→ Exercise: Give back the records below exactly, omitting the pictures.
Data for processing below:
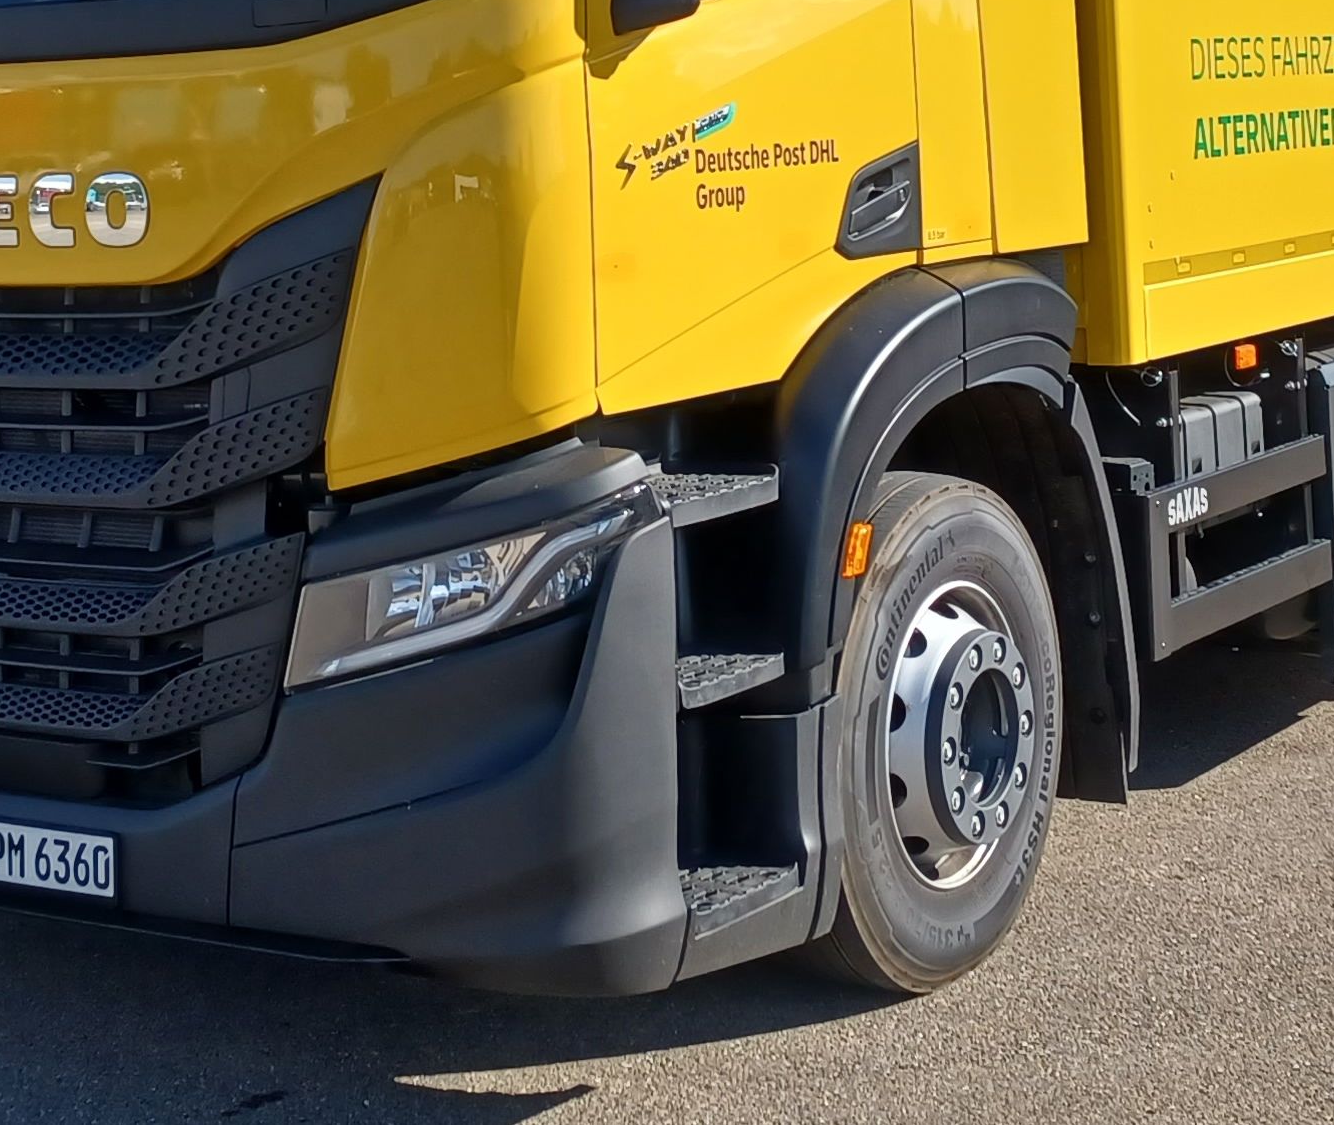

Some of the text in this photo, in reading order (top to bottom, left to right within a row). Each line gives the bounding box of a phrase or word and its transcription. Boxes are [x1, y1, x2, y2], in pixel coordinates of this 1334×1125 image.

[1190, 36, 1265, 80] DIESES
[695, 139, 839, 174] Deutsche Post DHL
[696, 183, 745, 212] Group
[1168, 487, 1208, 525] SAXAS
[875, 534, 945, 681] Continental
[1019, 810, 1044, 871] HS3
[35, 837, 110, 890] 6360
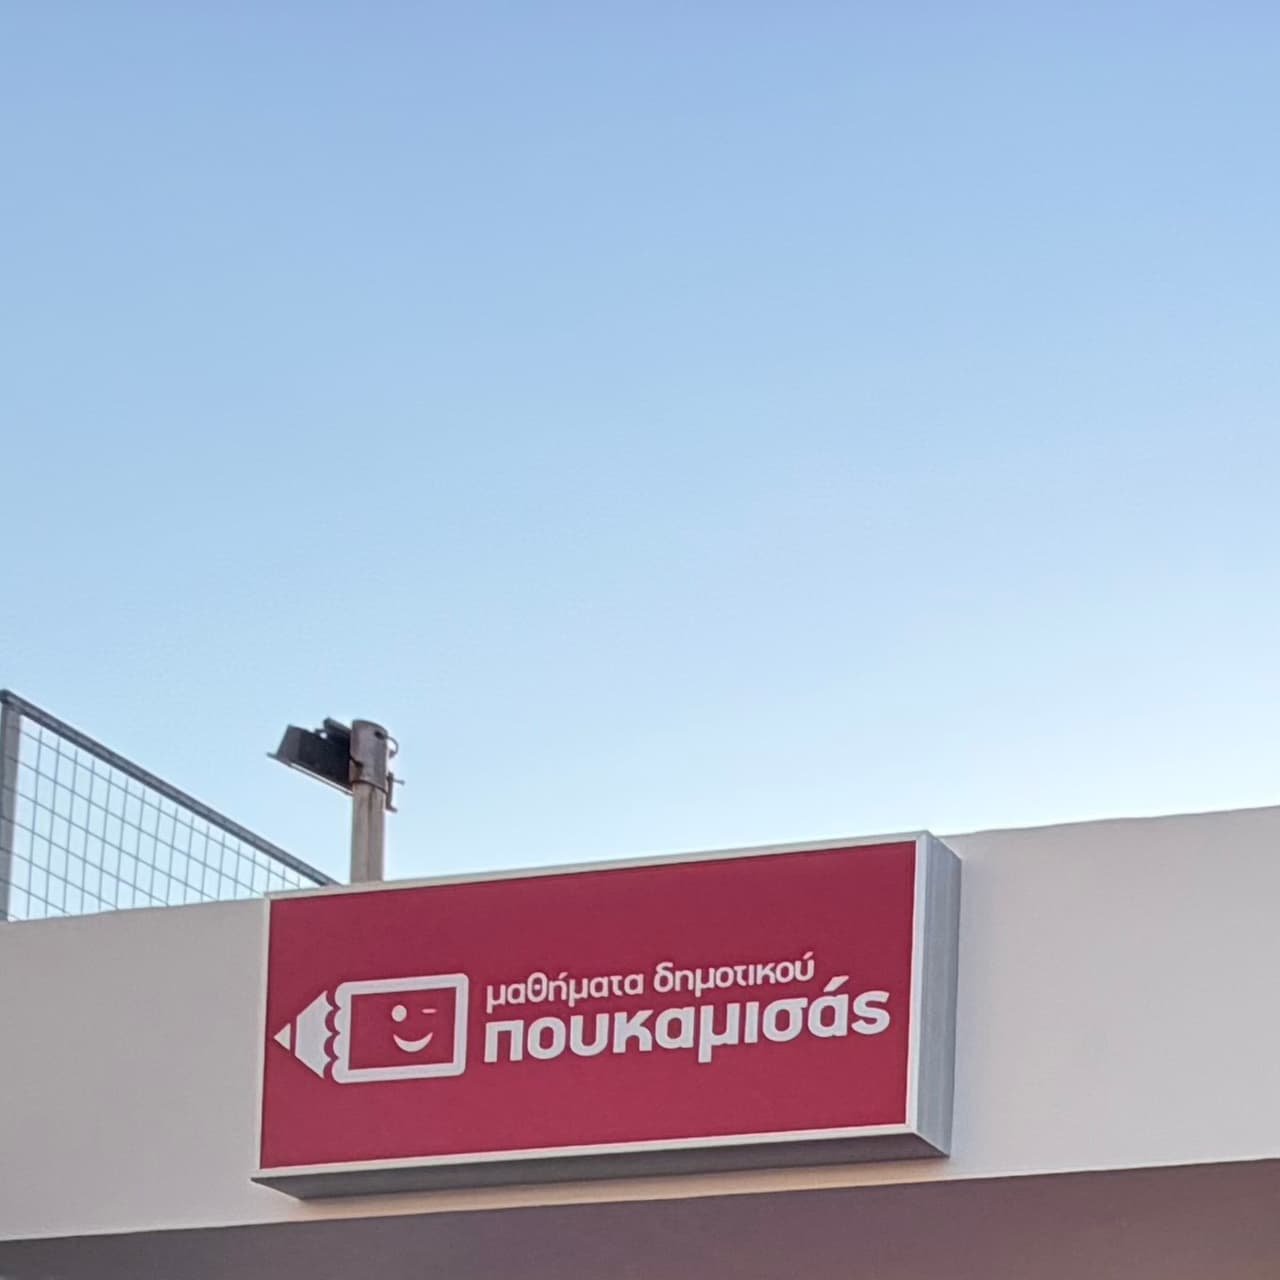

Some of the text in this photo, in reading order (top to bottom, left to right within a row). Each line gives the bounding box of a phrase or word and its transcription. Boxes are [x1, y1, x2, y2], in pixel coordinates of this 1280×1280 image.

[484, 975, 891, 1064] πουκαμισάς
[486, 951, 815, 1014] μαθήματα δημοτικού
End of Data for processing.
→ Response box:
Some of the text in this photo, in reading order (top to bottom, left to right within a row). Each line gives the bounding box of a phrase or word and its transcription. Boxes are [x1, y1, x2, y2], in pixel coordinates of this 1334×1125 image.

[1190, 36, 1265, 80] DIESES
[695, 139, 839, 174] Deutsche Post DHL
[696, 183, 745, 212] Group
[1168, 487, 1208, 525] SAXAS
[875, 534, 945, 681] Continental
[1019, 810, 1044, 871] HS3
[35, 837, 110, 890] 6360

Some of the text in this photo, in reading order (top to bottom, left to right within a row). Each line gives the bounding box of a phrase or word and its transcription. Boxes are [x1, y1, x2, y2], in pixel coordinates of this 1280×1280 image.

[484, 975, 891, 1064] πουκαμισάς
[486, 951, 815, 1014] μαθήματα δημοτικού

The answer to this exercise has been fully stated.